A pair of topical medicines already alleviating skin conditions each may prove to have another, even more compelling use: instructing stem cells in the brain to reverse damage caused by multiple sclerosis (MS).

Led by researchers at Case Western Reserve, a multi-institutional team identified the two most promising medications—one that treats athlete's foot, and the other, eczema—and then tested them further. As detailed in the April 20 online edition of Nature, the drugs yielded dramatic results in animal models and human cells.

"We know that there are stem cells throughout the adult nervous system that are capable of repairing the damage caused by MS, but until now we had no way to direct them to act," said Paul Tesar, PhD (CWR '03), the Dr. Donald and Ruth Weber Goodman Professor of Innovative Therapeutics and associate professor in the Department of Genetics and Genome Sciences at Case Western Reserve School of Medicine. "Our approach was to find drugs that could catalyze the body's own stem cells to replace the cells lost in MS."

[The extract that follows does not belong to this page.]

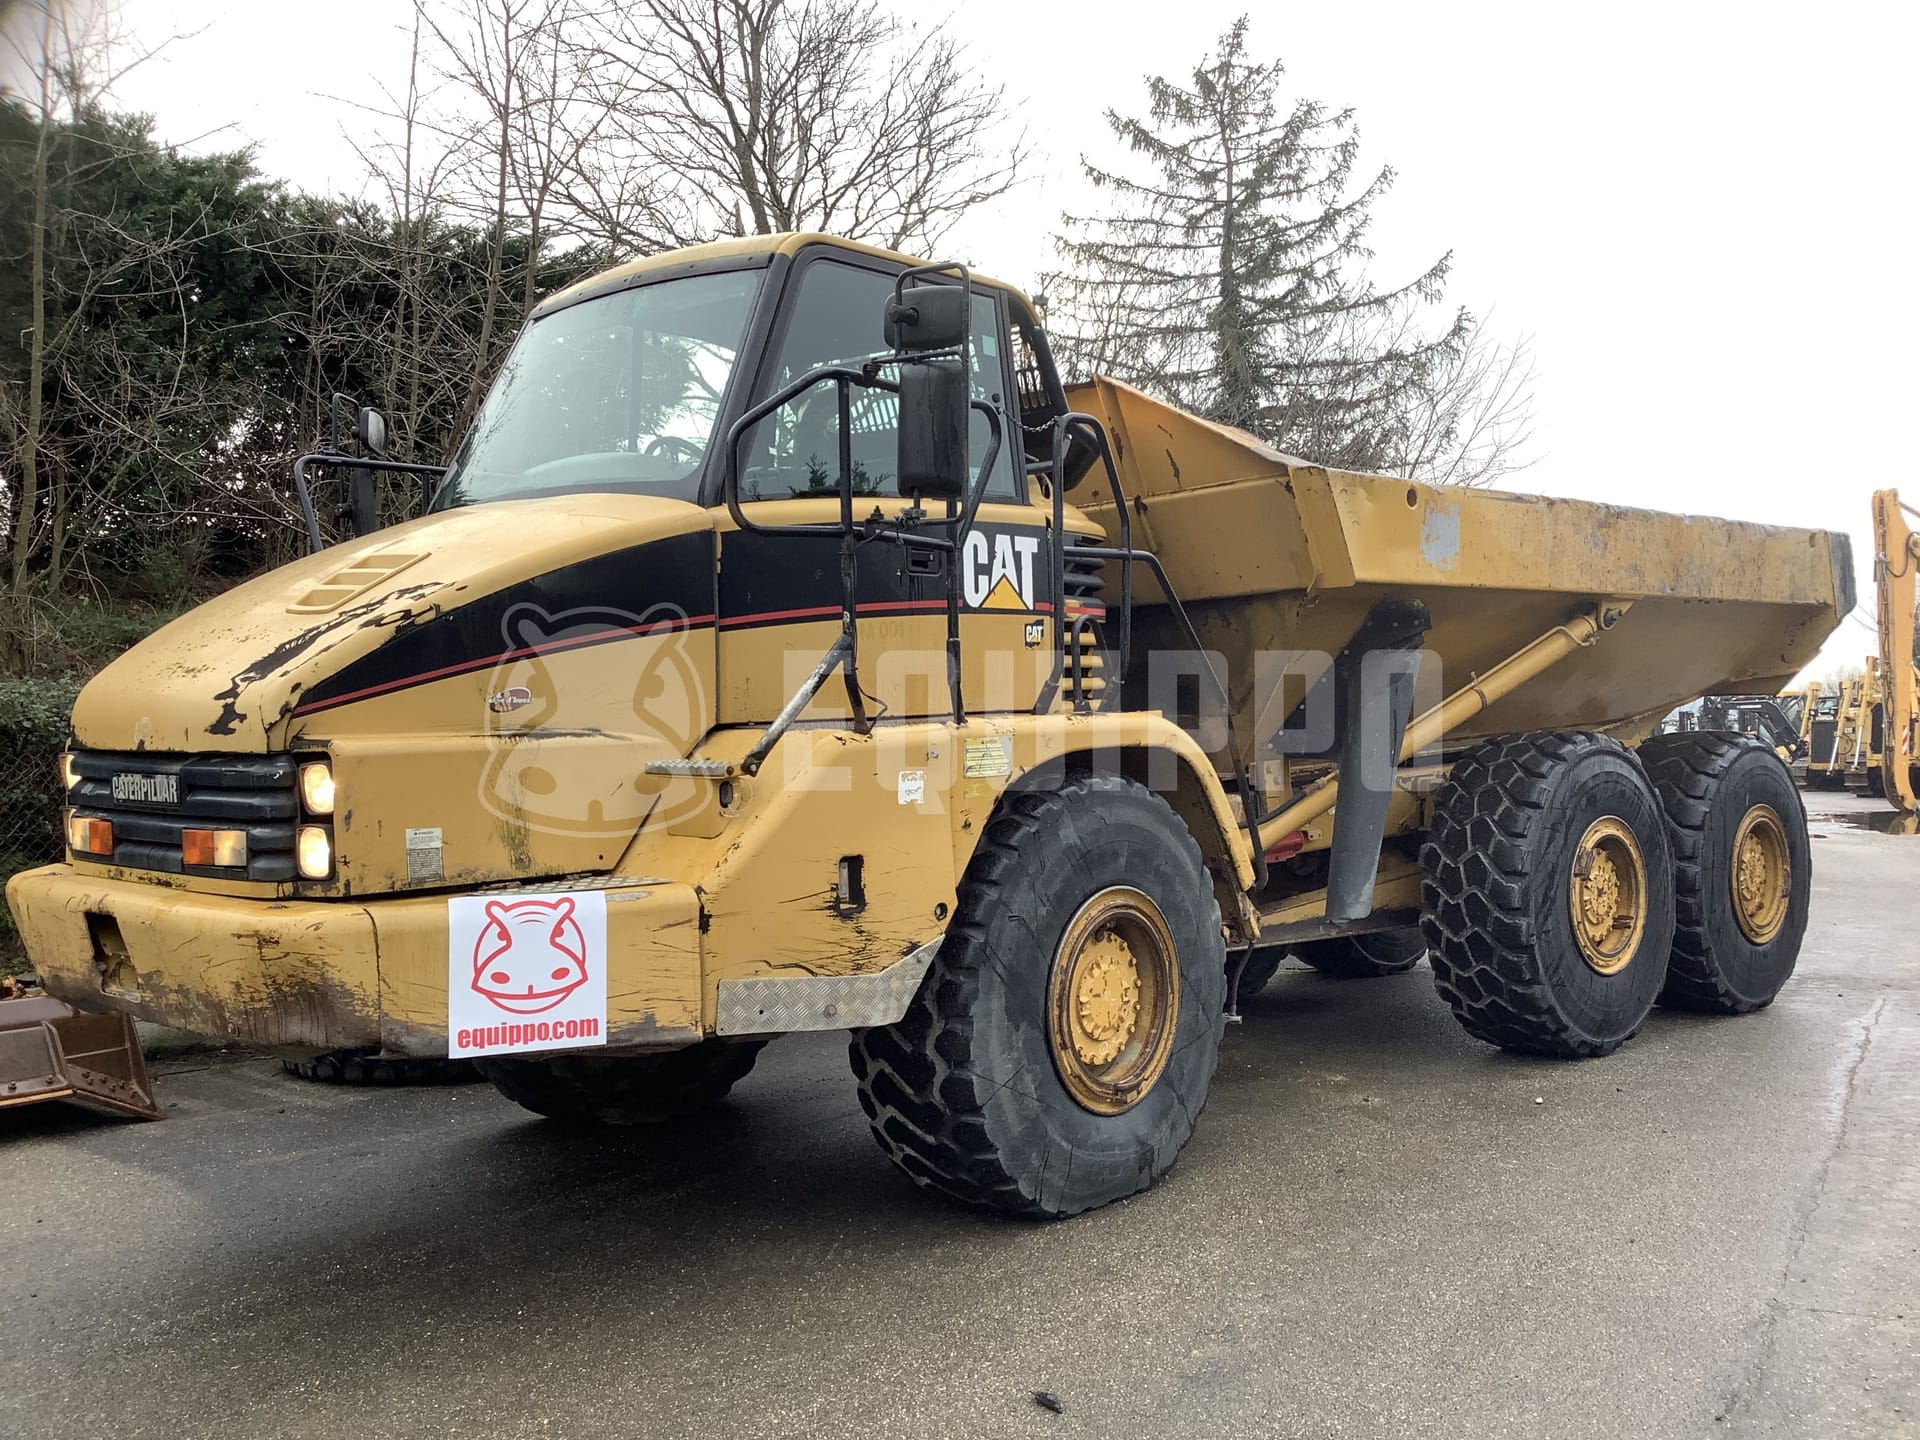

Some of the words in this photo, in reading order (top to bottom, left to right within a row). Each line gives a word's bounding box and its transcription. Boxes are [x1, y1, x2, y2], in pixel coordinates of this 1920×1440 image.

[963, 530, 1037, 610] CAT
[1026, 625, 1043, 643] CAT
[112, 775, 178, 803] CATERPILLAR
[457, 1018, 599, 1049] equippo.com
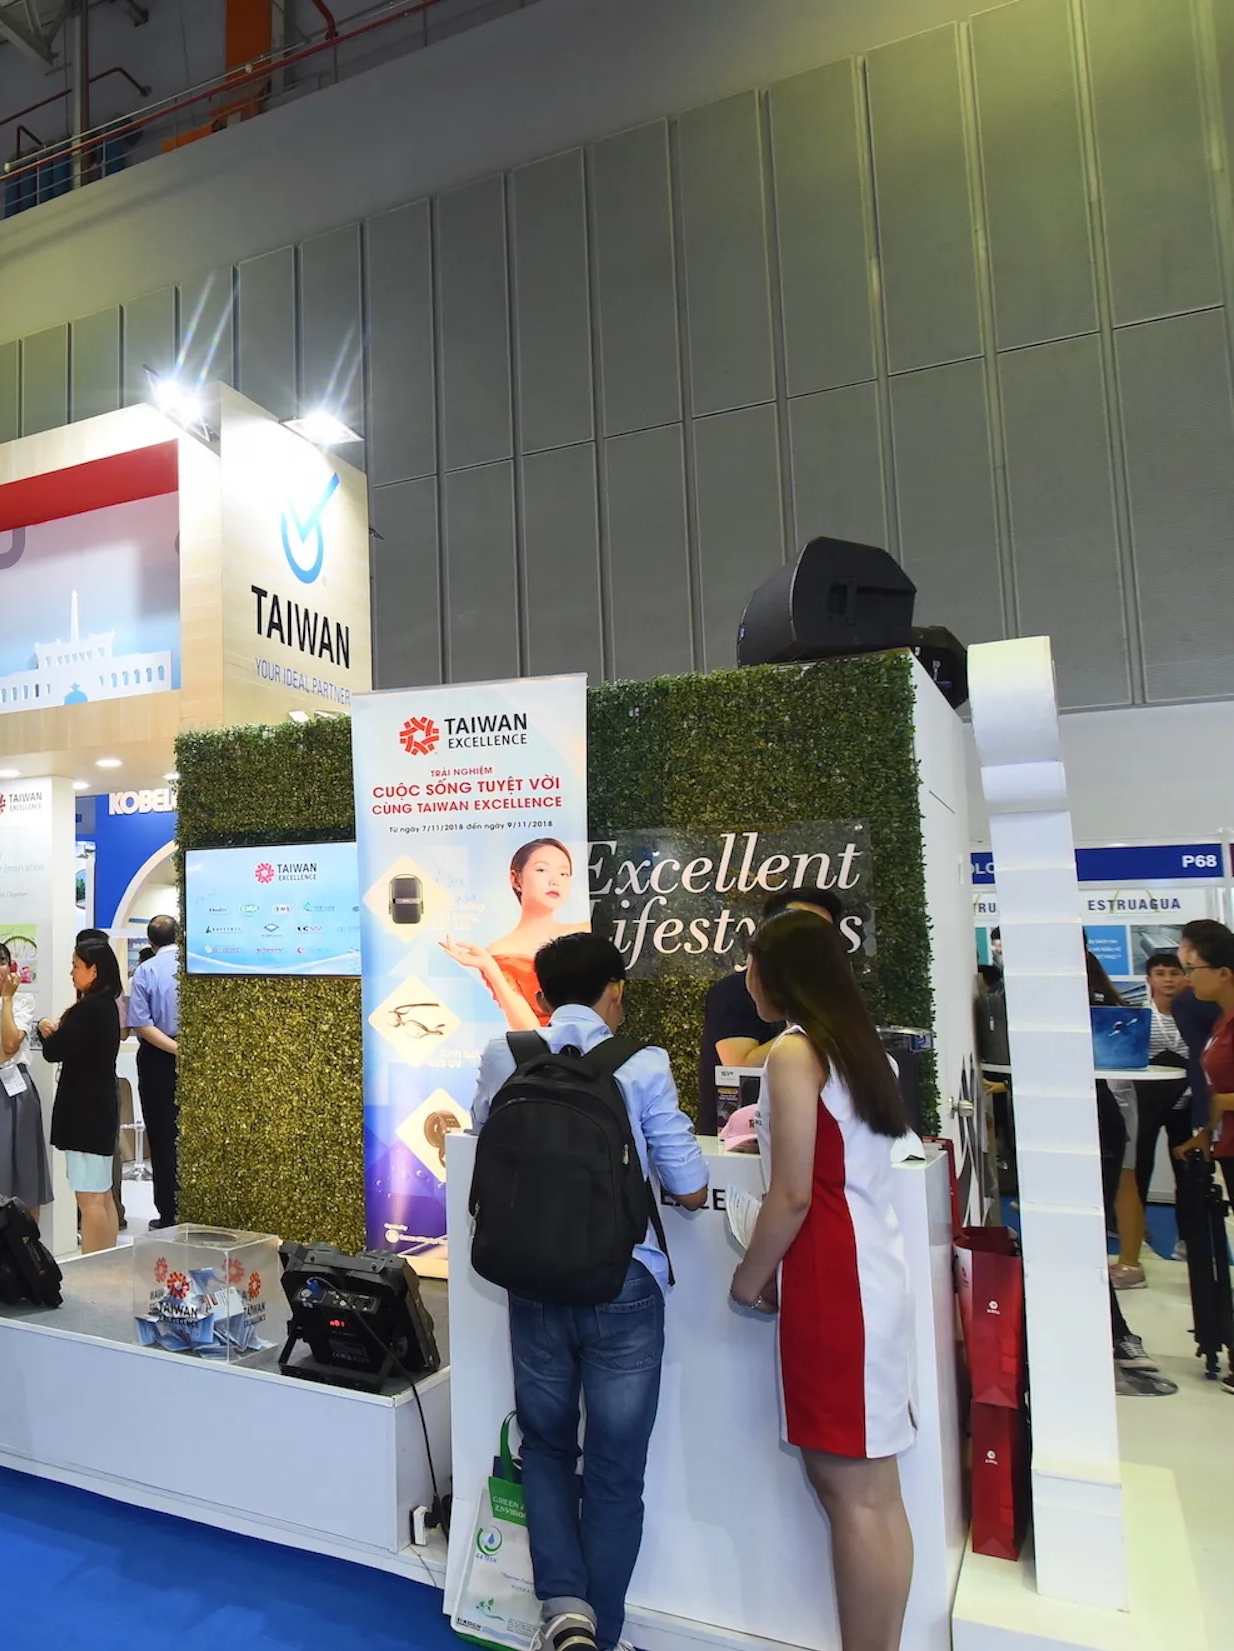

The findings mark the most promising developments to date in efforts to help the millions of people around the world who suffer from MS. The disease is the most common chronic neurological disorder among young adults. It results from aberrant immune cells destroying the protective coating, called myelin, around nerve cells in the brain and spinal cord.

This breakthrough only became possible because of a 2011 discovery from Tesar's lab—specifically, the development of a unique process to create massive quantities of a special type of stem cell called an oligodendrocyte progenitor cell (OPC). These cells are normally found throughout the adult brain and spinal cord and therefore are inaccessible to study. But once Tesar's team could produce billions of the OPCs with relative ease, they could test hundreds of potential medications. Researchers looked at 727 compounds in all, then tested the two most promising—miconazole and clobetasol—on mice afflicted with an MS-like disease.

Both drugs prompted native OPCs to regenerate new myelin, and the animals' symptoms began to abate. When subsequently tested on human cells in the lab, the drugs again prompted OPCs to make myelin. Scientists' next steps are to learn more about how the medicines prompt the OPCs to act and then develop new formulations for potential human use.

Tesar, a New York Stem Cell Foundation Robertson Investigator and member of the National Center for Regenerative Medicine, led a collaboration including nearly a dozen researchers from Case Western Reserve as well as additional scientists from the medical sciences company PerkinElmer, the National Institutes of Health, Northwestern University and the University of Cincinnati.